Wisconsin Gov. Scott Walker signed legislation last week that forces all third-party litigation funding deals to be disclosed. The deals must be reported even if no discovery request has been made.
Burford Capital view this as an accidental outlier and predict a backlash from business.
It is known as Wisconsin Act 235 and requires all litigants to “provide to the other parties any agreement” under which litigation funders are entitled to a share in any potential returns from a civil action, settlement or judgment. The rule does, however, exclude lawyers contingency fee arrangements. According to Law360, the new law is first of its kind on the state level.
The U.S. Chamber of Commerce’s Institute for Legal Reform supports the new law. In a concerning statement they announced that their view that litigation funding both prolongs litigation and leads to more lawsuits. A surprising stance on the industry and once that has been rebutted in many other jurisdictions.
“Wisconsin’s law brings litigation funding out of the shadows, so that funders in the state can’t anonymously ‘pull the strings’ of a lawsuit without other parties’ knowledge,” Lisa A. Rickard, president of the U.S. Chamber of Commerce’s Institute for Legal Reform, said in a press release.
Senior vice president of the U.S. Chamber of Commerce’s Institute for Legal Reform, Paige Faulk, told the ABA Journal in a statement that she thinks other states will follow suit.
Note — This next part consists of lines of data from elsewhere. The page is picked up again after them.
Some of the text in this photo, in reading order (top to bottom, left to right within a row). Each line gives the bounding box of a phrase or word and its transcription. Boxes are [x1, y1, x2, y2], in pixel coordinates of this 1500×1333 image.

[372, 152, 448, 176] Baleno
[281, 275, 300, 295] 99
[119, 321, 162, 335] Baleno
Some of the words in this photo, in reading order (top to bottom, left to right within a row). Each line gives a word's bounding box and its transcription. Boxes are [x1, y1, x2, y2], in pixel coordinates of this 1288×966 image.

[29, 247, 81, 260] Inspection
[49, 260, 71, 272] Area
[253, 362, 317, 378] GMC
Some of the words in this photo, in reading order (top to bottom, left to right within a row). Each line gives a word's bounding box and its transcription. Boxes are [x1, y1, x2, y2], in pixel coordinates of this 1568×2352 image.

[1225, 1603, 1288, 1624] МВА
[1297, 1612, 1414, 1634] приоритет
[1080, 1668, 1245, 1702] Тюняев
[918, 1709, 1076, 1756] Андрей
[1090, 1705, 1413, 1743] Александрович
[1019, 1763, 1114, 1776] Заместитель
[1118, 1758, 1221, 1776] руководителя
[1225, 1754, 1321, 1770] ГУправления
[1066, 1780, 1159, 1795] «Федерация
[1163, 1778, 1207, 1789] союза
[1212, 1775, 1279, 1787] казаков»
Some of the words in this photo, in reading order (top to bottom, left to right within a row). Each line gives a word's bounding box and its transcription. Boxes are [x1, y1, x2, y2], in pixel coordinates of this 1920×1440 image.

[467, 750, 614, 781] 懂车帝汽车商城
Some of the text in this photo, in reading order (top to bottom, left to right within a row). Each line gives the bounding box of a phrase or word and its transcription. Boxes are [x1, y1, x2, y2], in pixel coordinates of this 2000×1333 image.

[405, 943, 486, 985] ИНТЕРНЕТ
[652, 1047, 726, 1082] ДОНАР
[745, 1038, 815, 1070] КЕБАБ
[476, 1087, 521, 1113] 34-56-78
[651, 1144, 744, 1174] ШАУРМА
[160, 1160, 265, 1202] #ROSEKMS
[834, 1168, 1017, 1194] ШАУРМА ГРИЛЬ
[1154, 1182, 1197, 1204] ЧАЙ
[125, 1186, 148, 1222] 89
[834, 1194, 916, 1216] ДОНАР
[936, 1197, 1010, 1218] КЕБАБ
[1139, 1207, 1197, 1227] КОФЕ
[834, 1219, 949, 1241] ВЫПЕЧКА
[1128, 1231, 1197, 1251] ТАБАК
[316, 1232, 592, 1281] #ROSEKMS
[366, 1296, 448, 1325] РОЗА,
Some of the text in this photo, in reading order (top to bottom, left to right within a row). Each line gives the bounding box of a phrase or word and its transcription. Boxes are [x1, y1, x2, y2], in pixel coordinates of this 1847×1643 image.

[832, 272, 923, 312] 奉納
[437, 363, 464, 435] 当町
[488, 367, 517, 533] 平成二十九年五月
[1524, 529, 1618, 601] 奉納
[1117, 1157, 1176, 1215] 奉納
Paige said “This law is another step in what’s become a growing movement.”
Burford Capital, the biggest commercial litigation finance provider in the country was critical of the law, pointing out that Wisconsin’s law also applies to commercial litigation finance as well as consumer litigation finance. In a statement Burford Capital said that it predicts a backlash from businesses.
“Most states have been diligent to draft new laws that clearly separate consumer and commercial litigation finance,” Burford chief marketing officer Liz Bigham said in its statement. “In its haste to pass a consumer law, however, Wisconsin did not do so, despite there being no expressed desire to regulate commercial litigation finance. We view this as an accidental outlier that is likely to change in due course once Wisconsin businesses realize that their legislators just overreached.”